In 2015, the City of Melbourne commissioned Gilson to paint ‘Tunnerminnerwait and Maulboyheenner’ for the exhibition ‘Executed in Franklin Street’, curated by Paola Balla and held at the City Gallery from 26 November 2015 to 1 February 2016. The painting, like the exhibition, tells a sorrowful chapter in Melbourne’s early history, in which two Aboriginal men, originally from Tasmania, were hanged in 1842, in a public spectacle, for the killing of two whale hunters. Gilson depicts these resistance fighters as ‘men of dignity’, unshackled and resolute in front of a gawking crowd. The presence of Gilson’s totems, Bunjil, the airborne Wedge-tailed Eagle, and Waa, the crow watching from a gravestone above right of the gallows, seem to connect these men with culture and place. Gilson’s expansive pictorial stage suggests not the narrow colonial fixation on blame and retribution, with their inherent violence and shame, but a resilient Aboriginal community enacting its connection to country and culture through daily traditions.

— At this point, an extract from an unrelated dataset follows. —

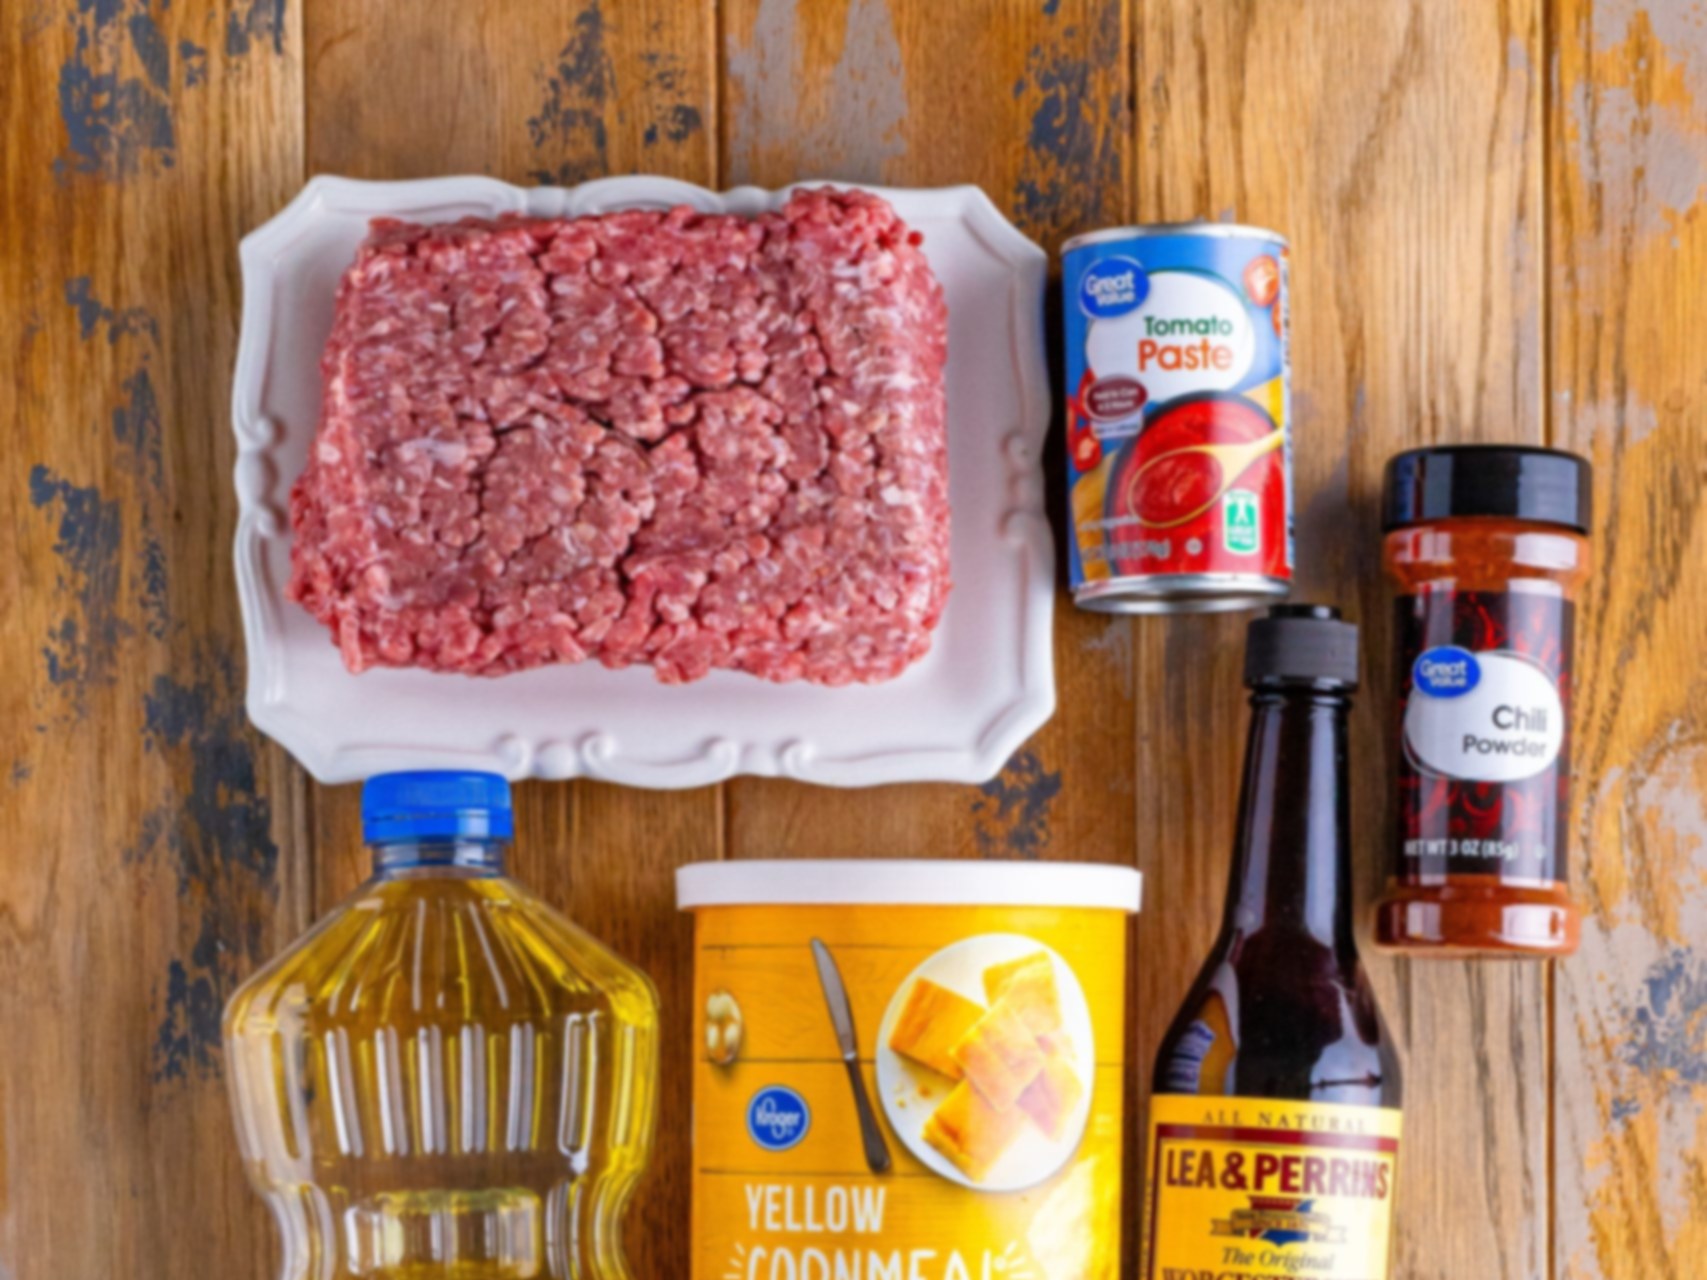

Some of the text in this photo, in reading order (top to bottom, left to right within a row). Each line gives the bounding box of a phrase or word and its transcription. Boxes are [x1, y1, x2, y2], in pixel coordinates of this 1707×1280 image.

Gilson says of the work: ‘It was an honour to paint Tunnerminnerwait and Maulboyheenner. I hope I have done them justice.’ Following the painting’s display in ‘Executed in Franklin Street’, it was loaned to the Australian Centre for Contemporary Art for the exhibition ‘Sovereignty’ and to the National Gallery of Victoria for ‘Colony: Frontier Wars’. It was later shown at the Tasmanian Museum & Art Gallery, Hobart, and the Queen Victoria Museum & Art Gallery, Launceston, as part of the National Gallery of Australia’s touring exhibition, ‘The National Picture: The Art of Tasmania’s Black War’.